◆ Problem to solve ◆
Apart from any images, the entries are to be output exactly.

◆ Entries supplied ◆

>>>

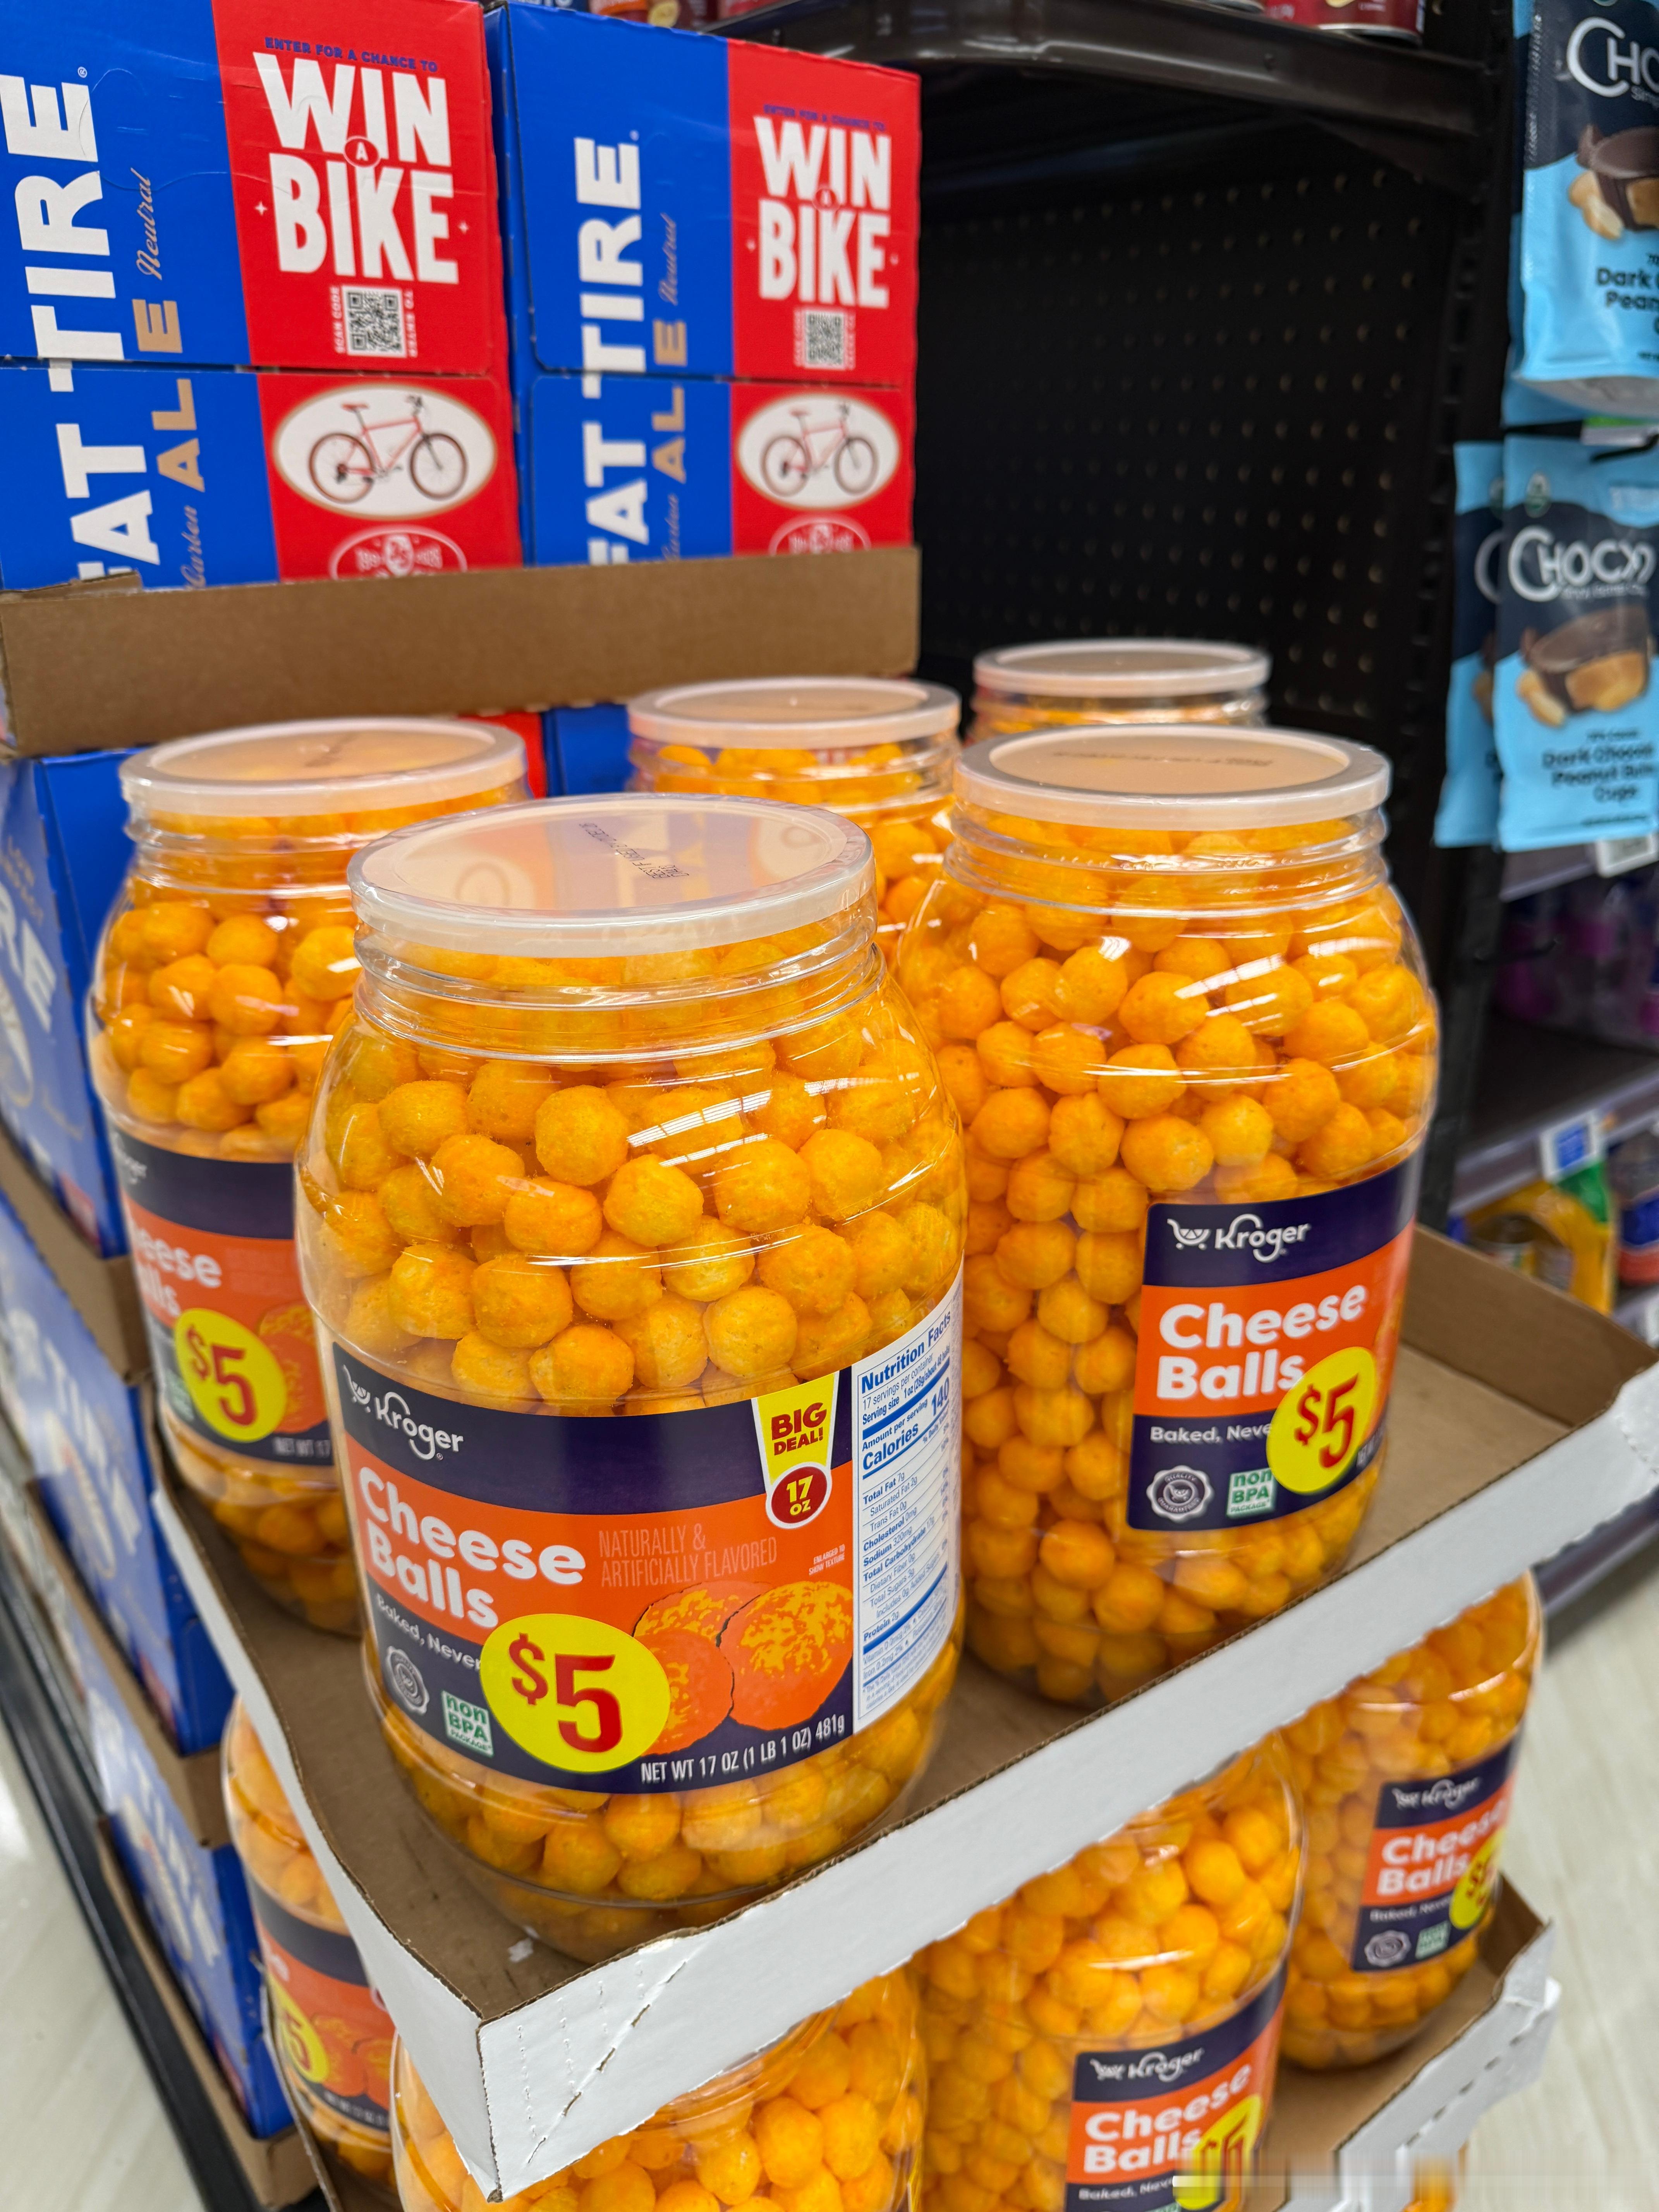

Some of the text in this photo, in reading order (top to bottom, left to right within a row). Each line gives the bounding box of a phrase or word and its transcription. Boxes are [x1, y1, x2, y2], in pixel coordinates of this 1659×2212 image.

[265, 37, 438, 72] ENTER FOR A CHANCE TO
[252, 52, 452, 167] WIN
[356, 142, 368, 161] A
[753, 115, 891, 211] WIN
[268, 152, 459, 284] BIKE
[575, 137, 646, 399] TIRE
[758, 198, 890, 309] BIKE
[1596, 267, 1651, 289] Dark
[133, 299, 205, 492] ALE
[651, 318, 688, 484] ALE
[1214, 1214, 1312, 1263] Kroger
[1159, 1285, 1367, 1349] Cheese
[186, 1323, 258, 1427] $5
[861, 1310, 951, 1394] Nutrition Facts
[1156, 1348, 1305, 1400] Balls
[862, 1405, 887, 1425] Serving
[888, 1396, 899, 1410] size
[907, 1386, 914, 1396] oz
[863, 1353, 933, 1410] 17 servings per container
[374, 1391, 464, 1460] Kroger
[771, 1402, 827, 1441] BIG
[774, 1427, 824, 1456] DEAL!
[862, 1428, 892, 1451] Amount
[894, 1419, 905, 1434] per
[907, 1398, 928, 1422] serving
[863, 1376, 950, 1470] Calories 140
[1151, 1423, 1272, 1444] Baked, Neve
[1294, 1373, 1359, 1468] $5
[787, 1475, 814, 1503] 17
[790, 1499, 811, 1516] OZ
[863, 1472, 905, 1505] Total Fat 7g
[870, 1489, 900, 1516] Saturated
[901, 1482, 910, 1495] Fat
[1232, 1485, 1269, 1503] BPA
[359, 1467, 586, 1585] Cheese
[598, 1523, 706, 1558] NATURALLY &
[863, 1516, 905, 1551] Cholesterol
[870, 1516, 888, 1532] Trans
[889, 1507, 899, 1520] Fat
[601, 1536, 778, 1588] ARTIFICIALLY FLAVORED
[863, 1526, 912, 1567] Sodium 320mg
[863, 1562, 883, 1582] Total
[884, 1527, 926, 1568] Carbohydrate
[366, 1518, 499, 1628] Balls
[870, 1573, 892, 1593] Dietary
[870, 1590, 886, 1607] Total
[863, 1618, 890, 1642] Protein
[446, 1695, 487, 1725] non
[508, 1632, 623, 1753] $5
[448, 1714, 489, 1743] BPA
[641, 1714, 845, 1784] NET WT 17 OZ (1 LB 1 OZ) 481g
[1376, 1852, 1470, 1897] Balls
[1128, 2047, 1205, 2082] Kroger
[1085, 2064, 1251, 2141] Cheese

<<<

◆ Response for this exercise ◆
Some of the text in this photo, in reading order (top to bottom, left to right within a row). Each line gives the bounding box of a phrase or word and its transcription. Boxes are [x1, y1, x2, y2], in pixel coordinates of this 1659×2212 image.

[265, 37, 438, 72] ENTER FOR A CHANCE TO
[252, 52, 452, 167] WIN
[356, 142, 368, 161] A
[753, 115, 891, 211] WIN
[268, 152, 459, 284] BIKE
[575, 137, 646, 399] TIRE
[758, 198, 890, 309] BIKE
[1596, 267, 1651, 289] Dark
[133, 299, 205, 492] ALE
[651, 318, 688, 484] ALE
[1214, 1214, 1312, 1263] Kroger
[1159, 1285, 1367, 1349] Cheese
[186, 1323, 258, 1427] $5
[861, 1310, 951, 1394] Nutrition Facts
[1156, 1348, 1305, 1400] Balls
[862, 1405, 887, 1425] Serving
[888, 1396, 899, 1410] size
[907, 1386, 914, 1396] oz
[863, 1353, 933, 1410] 17 servings per container
[374, 1391, 464, 1460] Kroger
[771, 1402, 827, 1441] BIG
[774, 1427, 824, 1456] DEAL!
[862, 1428, 892, 1451] Amount
[894, 1419, 905, 1434] per
[907, 1398, 928, 1422] serving
[863, 1376, 950, 1470] Calories 140
[1151, 1423, 1272, 1444] Baked, Neve
[1294, 1373, 1359, 1468] $5
[787, 1475, 814, 1503] 17
[790, 1499, 811, 1516] OZ
[863, 1472, 905, 1505] Total Fat 7g
[870, 1489, 900, 1516] Saturated
[901, 1482, 910, 1495] Fat
[1232, 1485, 1269, 1503] BPA
[359, 1467, 586, 1585] Cheese
[598, 1523, 706, 1558] NATURALLY &
[863, 1516, 905, 1551] Cholesterol
[870, 1516, 888, 1532] Trans
[889, 1507, 899, 1520] Fat
[601, 1536, 778, 1588] ARTIFICIALLY FLAVORED
[863, 1526, 912, 1567] Sodium 320mg
[863, 1562, 883, 1582] Total
[884, 1527, 926, 1568] Carbohydrate
[366, 1518, 499, 1628] Balls
[870, 1573, 892, 1593] Dietary
[870, 1590, 886, 1607] Total
[863, 1618, 890, 1642] Protein
[446, 1695, 487, 1725] non
[508, 1632, 623, 1753] $5
[448, 1714, 489, 1743] BPA
[641, 1714, 845, 1784] NET WT 17 OZ (1 LB 1 OZ) 481g
[1376, 1852, 1470, 1897] Balls
[1128, 2047, 1205, 2082] Kroger
[1085, 2064, 1251, 2141] Cheese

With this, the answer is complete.